Today in class we learned about Freud and his theories. I found this one interesting and I thought that people on here could try it. So Freud believed that everything we said or thought had a deeper meaning, so in order to test this, you write down the first 10 words that come to mind. In my case, my 10 words were: Love Happiness Time Dream Peace Feeling Jump Cry Purple Laugh
Actually I see some meaning and patterns in those words. While Freud wasn't right on all counts, and missed the mark more than a few times, I'm inclined to agree that he's right, based on my own experiences with free association and exercises like the above. The unconscious will often come forth with very interesting things given the opportunity.

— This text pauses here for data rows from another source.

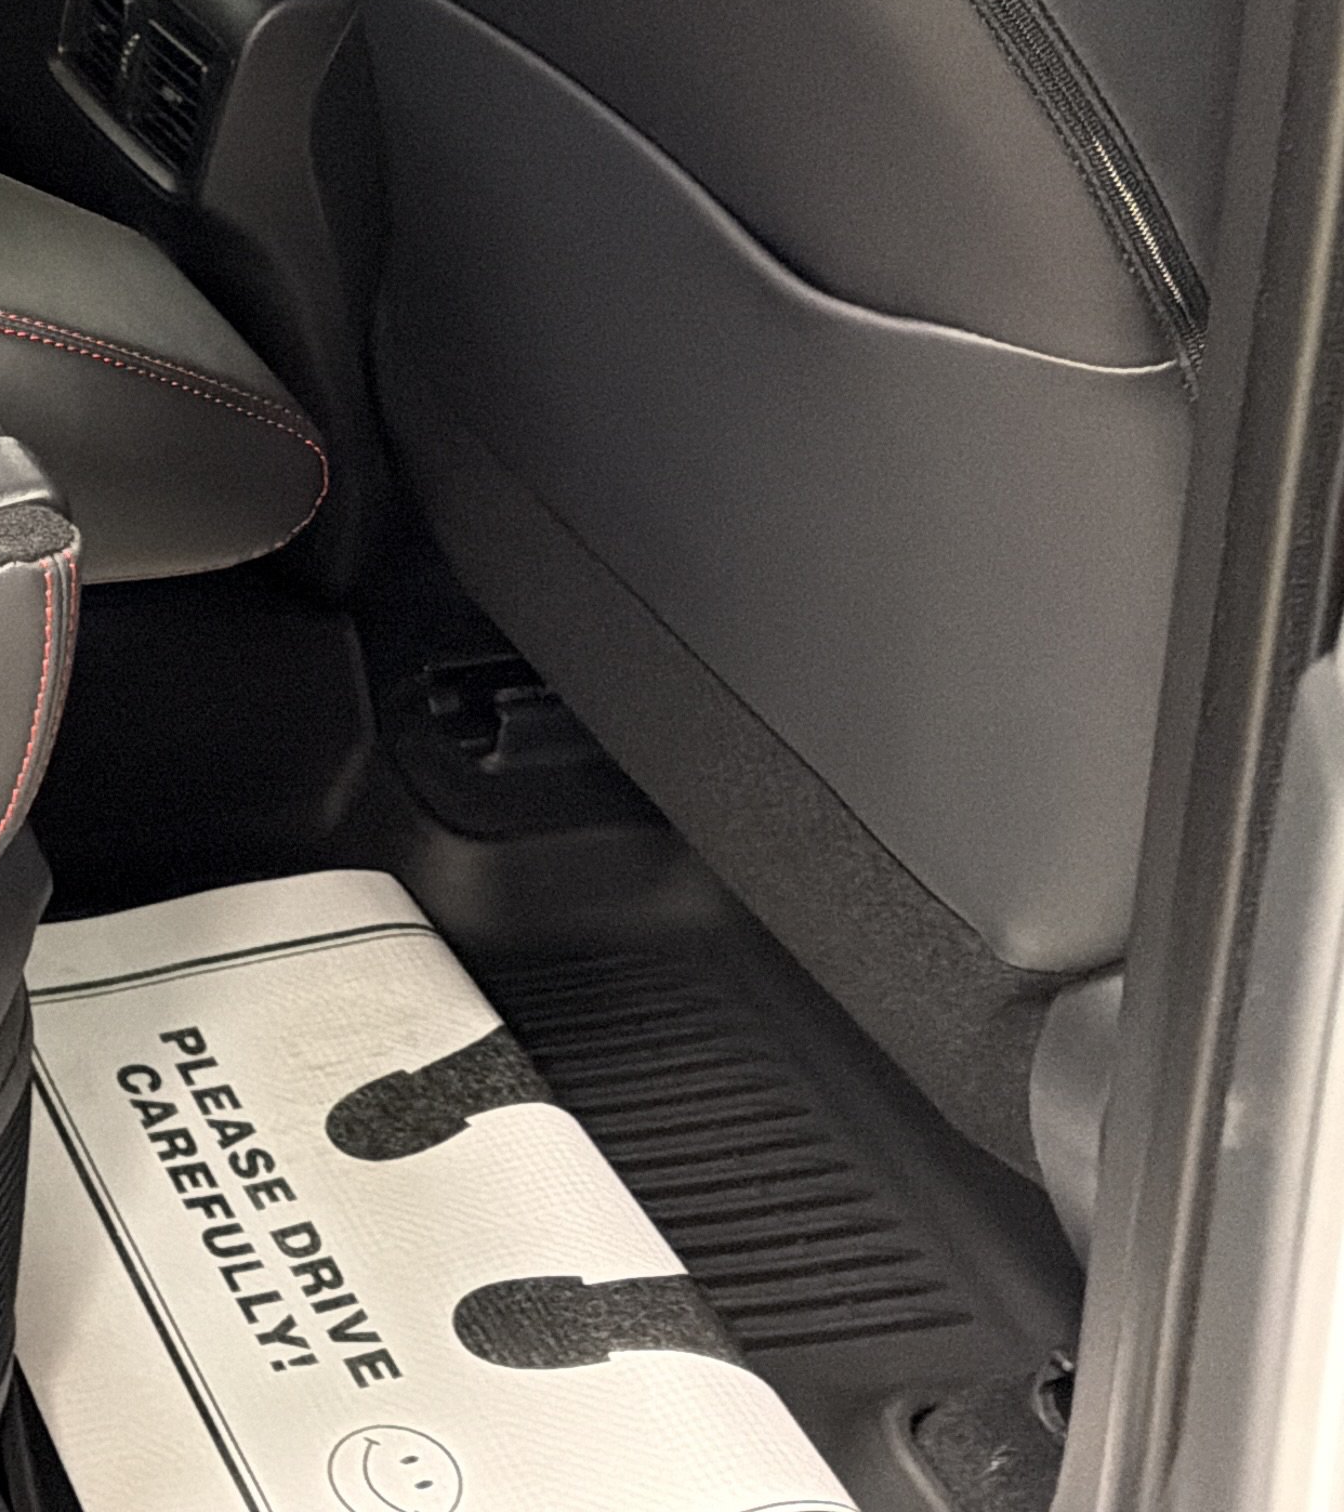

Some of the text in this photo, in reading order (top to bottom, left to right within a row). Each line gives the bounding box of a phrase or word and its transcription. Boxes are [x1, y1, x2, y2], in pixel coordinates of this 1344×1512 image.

[116, 1063, 320, 1372] CAREFULLY!
[158, 1026, 404, 1389] PLEASE DRIVE
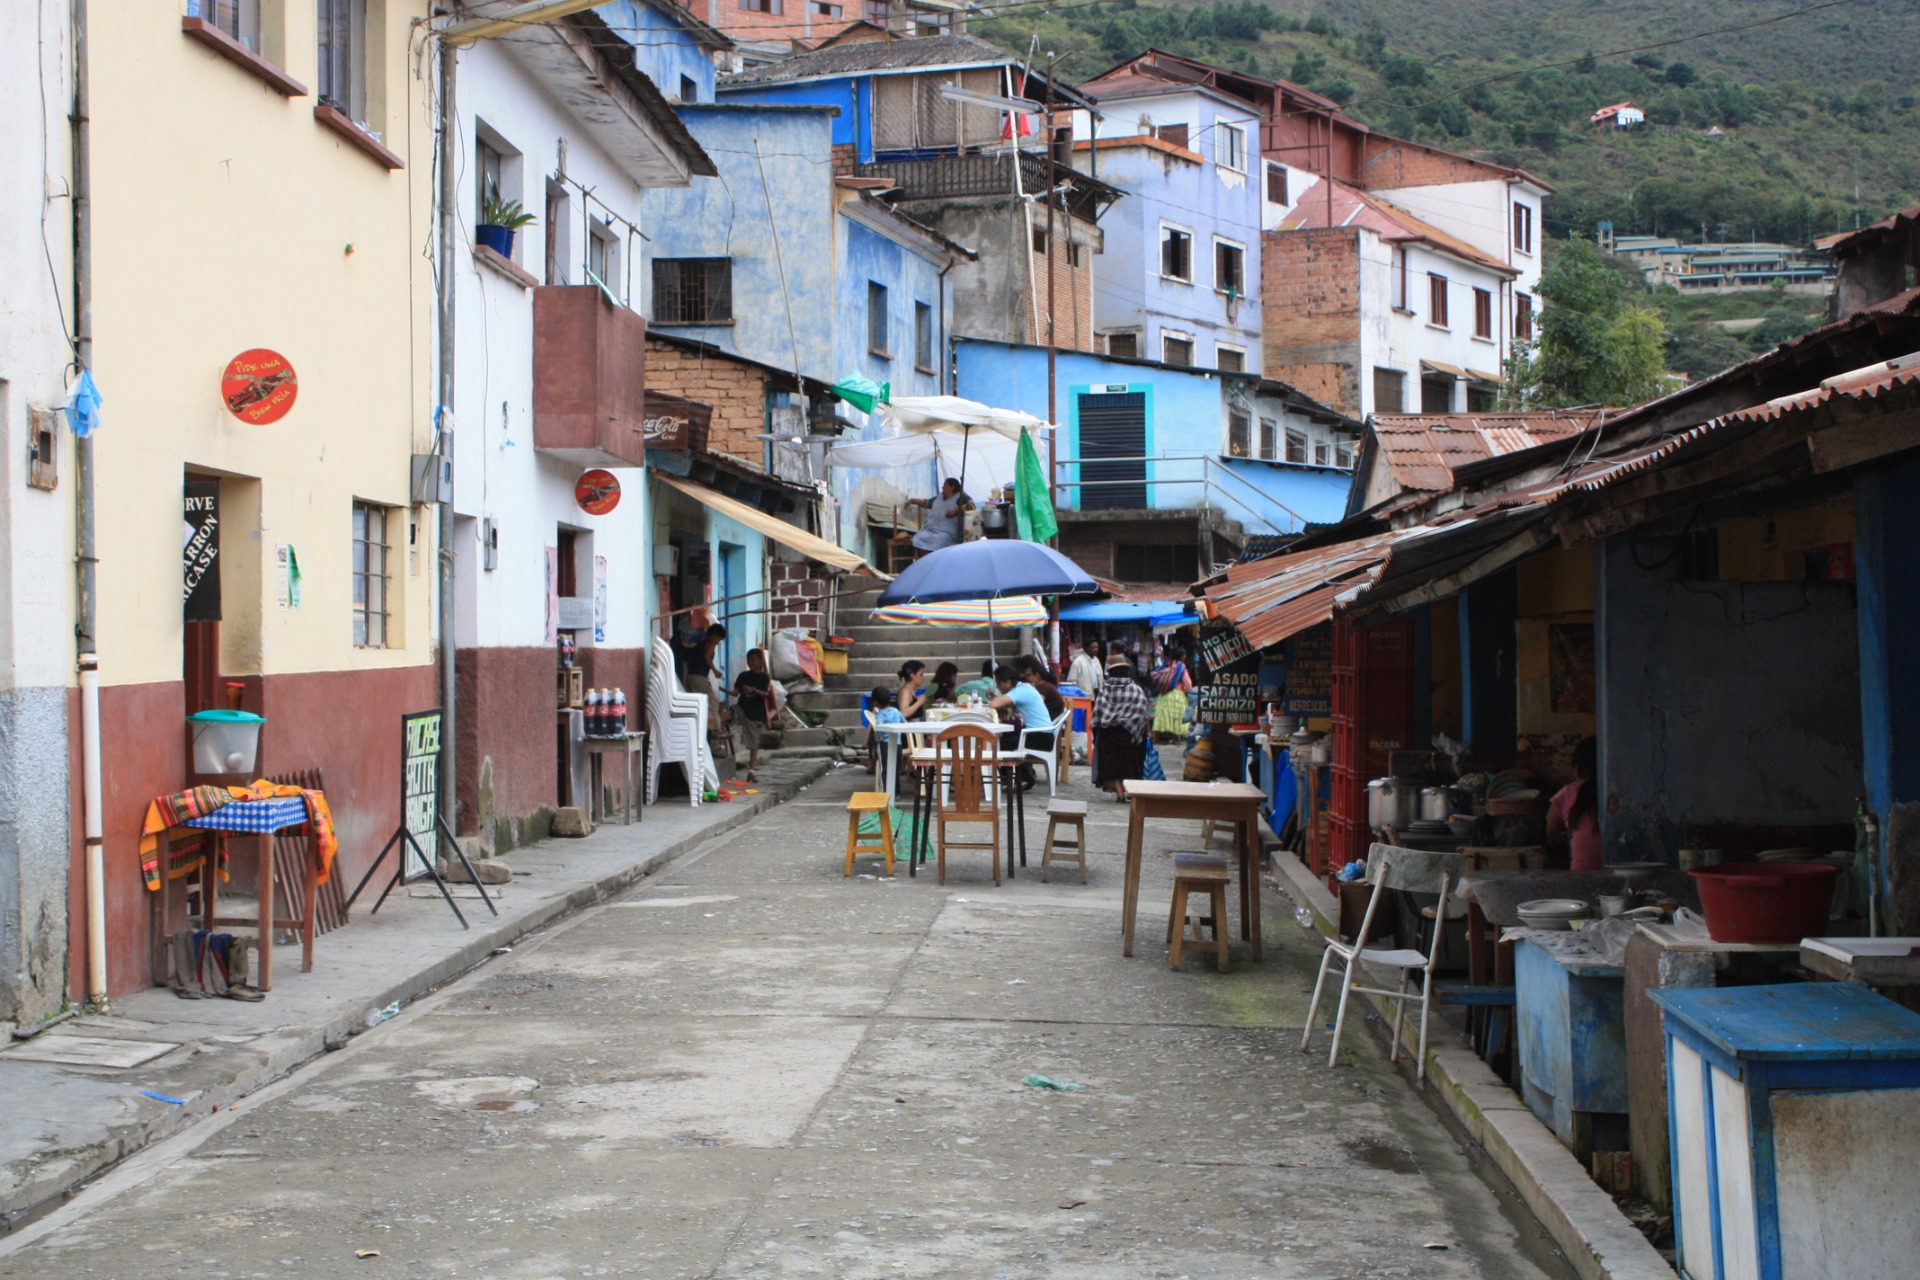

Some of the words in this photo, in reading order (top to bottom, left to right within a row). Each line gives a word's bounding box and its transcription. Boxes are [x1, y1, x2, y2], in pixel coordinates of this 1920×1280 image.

[644, 415, 682, 433] ca-Cola
[185, 496, 215, 511] RVE
[184, 514, 219, 572] ARRON
[1202, 631, 1227, 649] HOY
[1213, 672, 1258, 685] ASADO
[1286, 677, 1332, 686] DESAYUN
[1286, 687, 1332, 696] COMPLET
[1200, 698, 1256, 711] CHORIZO
[1201, 711, 1223, 723] POLLO
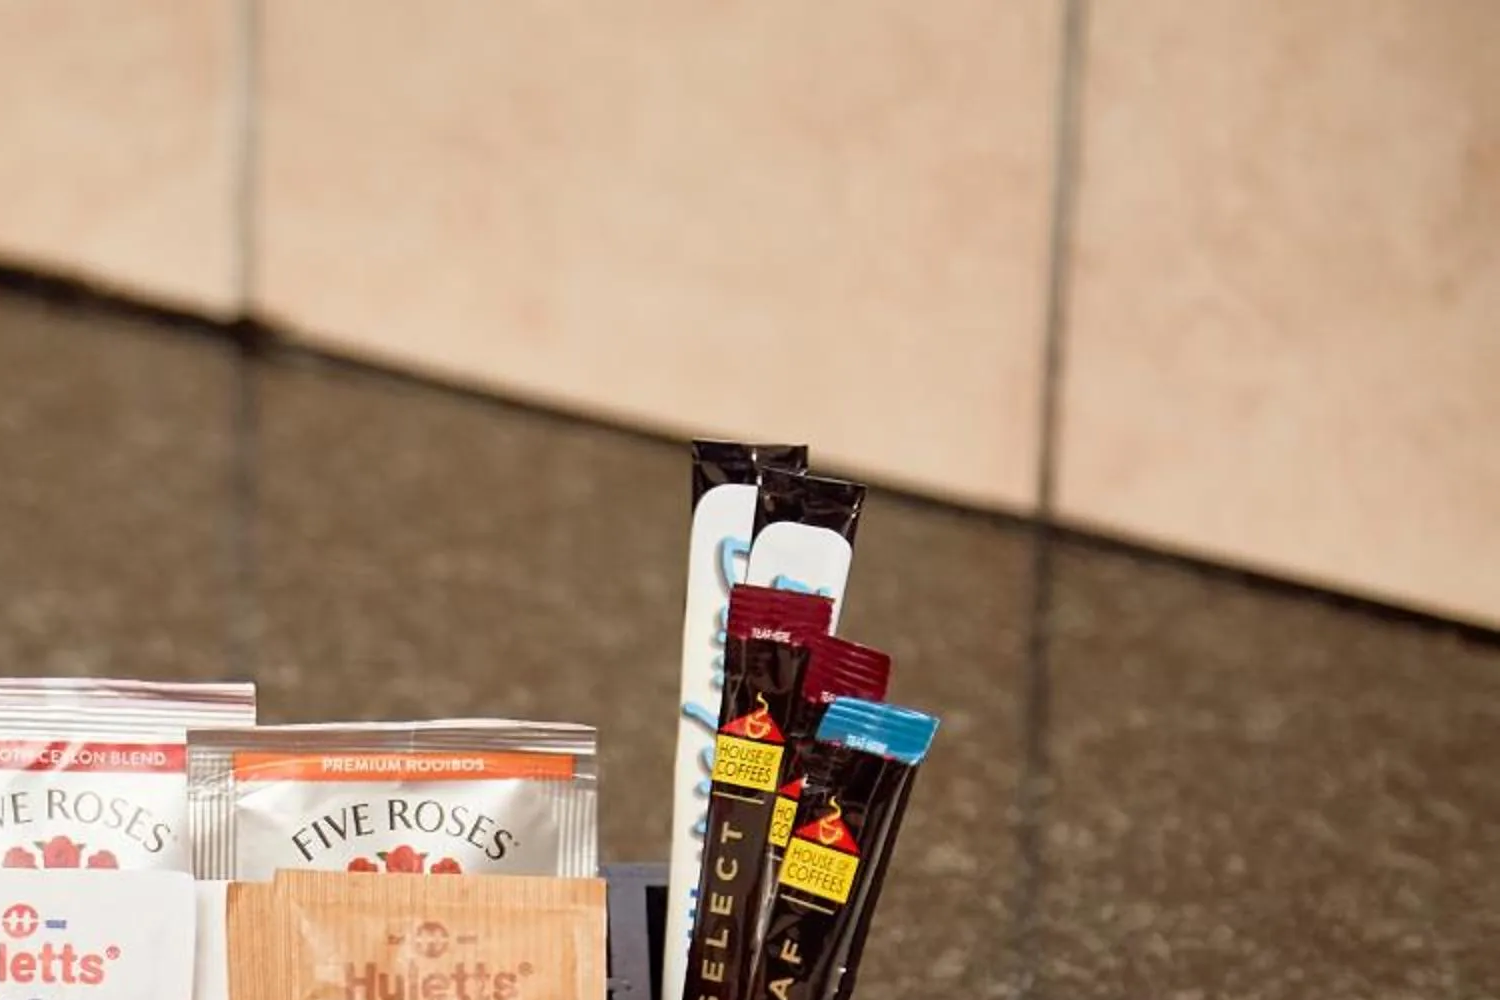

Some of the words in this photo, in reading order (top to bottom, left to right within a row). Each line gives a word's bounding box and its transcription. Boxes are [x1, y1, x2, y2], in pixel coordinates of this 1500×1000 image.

[39, 748, 106, 765] CELON
[110, 750, 168, 767] BLEND
[321, 757, 402, 773] PREMIUM
[406, 757, 485, 773] ROOIBOS
[719, 741, 764, 765] HOUSE
[715, 759, 772, 785] COFFEES
[46, 788, 172, 854] ROSES
[291, 802, 375, 863] FIVE
[387, 798, 514, 861] ROSES
[790, 847, 836, 873] HOUSE
[786, 861, 848, 895] COFFEES

As a therapist I am a Jungian analyst. It's how I trained and I adore his theories With that said, Freud had so many good points and so many bad points. At the core of his ideas, neglect young and manifest old is a sound point. When you harm a child and fail to care for him or her it can manifest as issues when they grow older. However, some of his psychosexual theory goes a bit far. One of the misconceptions I find is that when Freud referred to sex, he was referring to most desires. The problem is I don't believe desire runs every single aspect of our life If you guys get some read up on Carl Jung...amazing stuff but yes I do believe some ideas and words have meaning behind them Foxface
Just to butt in, I find it interesting that you bring up Jung [though, to be fair, I imagine it would've been inevitable :lol:,] as I've been thinking of reading his memoir the last few days. Sorry for not contributing to the exercise, I'm horrible with these things. I always overthink them. -____-
Jung's work is incredible, particularly his integration of the spiritual with the psychological, and his work with dream analysis. His writing can be a little dense, but for those who take the time to understand it, I think he brought a lot to our thinking about the psyche, the unconscious and the interactions between them in a way that Freud oversimplified. There aren't a lot of Jungian therapists around (in the US anyway), it's nice to see one and particularly nice to see one here.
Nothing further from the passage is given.